"""

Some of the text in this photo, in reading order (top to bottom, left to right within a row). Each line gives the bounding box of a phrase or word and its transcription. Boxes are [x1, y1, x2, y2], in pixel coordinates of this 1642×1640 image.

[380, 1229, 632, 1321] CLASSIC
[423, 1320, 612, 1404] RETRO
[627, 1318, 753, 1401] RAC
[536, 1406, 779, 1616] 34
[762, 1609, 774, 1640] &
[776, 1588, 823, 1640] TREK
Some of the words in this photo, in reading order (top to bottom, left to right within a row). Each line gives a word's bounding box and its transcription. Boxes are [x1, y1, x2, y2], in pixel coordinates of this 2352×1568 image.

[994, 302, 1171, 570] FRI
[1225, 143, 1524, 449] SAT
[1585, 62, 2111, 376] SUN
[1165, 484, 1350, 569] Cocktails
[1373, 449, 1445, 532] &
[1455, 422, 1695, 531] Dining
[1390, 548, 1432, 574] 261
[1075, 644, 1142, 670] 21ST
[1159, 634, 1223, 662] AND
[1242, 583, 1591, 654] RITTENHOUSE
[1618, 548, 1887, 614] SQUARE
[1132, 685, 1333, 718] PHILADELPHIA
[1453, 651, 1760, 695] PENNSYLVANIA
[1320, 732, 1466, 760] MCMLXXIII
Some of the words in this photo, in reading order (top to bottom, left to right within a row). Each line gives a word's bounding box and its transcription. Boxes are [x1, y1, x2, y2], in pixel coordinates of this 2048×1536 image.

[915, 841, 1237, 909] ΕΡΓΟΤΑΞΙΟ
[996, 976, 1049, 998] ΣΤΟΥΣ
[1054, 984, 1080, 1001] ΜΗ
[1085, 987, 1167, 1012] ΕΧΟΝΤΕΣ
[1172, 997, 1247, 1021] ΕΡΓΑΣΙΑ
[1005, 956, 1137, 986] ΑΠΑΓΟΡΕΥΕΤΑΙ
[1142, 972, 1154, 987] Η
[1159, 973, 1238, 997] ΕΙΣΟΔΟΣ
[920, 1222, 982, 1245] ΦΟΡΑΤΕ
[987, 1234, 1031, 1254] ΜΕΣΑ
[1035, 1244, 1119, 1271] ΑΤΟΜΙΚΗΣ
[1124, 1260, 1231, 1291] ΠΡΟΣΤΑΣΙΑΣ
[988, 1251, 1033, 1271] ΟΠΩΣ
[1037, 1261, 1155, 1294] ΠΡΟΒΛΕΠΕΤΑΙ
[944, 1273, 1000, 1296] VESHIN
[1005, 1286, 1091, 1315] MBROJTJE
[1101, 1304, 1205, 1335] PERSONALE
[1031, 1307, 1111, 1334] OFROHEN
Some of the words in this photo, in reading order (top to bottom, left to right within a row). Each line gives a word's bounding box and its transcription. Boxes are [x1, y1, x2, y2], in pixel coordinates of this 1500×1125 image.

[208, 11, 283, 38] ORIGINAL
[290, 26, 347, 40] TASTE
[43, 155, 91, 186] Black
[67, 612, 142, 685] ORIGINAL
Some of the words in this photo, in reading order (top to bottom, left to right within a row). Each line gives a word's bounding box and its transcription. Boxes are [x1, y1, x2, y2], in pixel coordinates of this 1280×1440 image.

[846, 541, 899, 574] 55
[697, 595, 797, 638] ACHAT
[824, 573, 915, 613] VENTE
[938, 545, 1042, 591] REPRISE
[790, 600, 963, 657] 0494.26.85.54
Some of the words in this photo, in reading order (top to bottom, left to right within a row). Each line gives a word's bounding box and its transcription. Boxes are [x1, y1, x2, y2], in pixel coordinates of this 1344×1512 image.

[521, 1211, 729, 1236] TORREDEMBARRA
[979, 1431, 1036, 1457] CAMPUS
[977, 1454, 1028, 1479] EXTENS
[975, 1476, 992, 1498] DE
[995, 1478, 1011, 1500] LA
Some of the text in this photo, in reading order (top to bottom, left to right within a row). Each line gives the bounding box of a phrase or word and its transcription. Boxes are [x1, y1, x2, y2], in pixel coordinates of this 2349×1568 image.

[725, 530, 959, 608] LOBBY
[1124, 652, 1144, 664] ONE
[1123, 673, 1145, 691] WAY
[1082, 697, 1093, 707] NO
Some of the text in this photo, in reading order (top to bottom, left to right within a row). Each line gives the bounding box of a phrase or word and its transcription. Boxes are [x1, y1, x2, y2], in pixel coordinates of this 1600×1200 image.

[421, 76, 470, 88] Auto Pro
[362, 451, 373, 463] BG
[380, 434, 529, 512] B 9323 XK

"""

# TASK DETAILS
From the line containing "this 2349×1568 image." through the last line of the records above, reproduce every line exactly.

# EXERCISE RESPONSE
Some of the text in this photo, in reading order (top to bottom, left to right within a row). Each line gives the bounding box of a phrase or word and its transcription. Boxes are [x1, y1, x2, y2], in pixel coordinates of this 2349×1568 image.

[725, 530, 959, 608] LOBBY
[1124, 652, 1144, 664] ONE
[1123, 673, 1145, 691] WAY
[1082, 697, 1093, 707] NO
Some of the text in this photo, in reading order (top to bottom, left to right within a row). Each line gives the bounding box of a phrase or word and its transcription. Boxes are [x1, y1, x2, y2], in pixel coordinates of this 1600×1200 image.

[421, 76, 470, 88] Auto Pro
[362, 451, 373, 463] BG
[380, 434, 529, 512] B 9323 XK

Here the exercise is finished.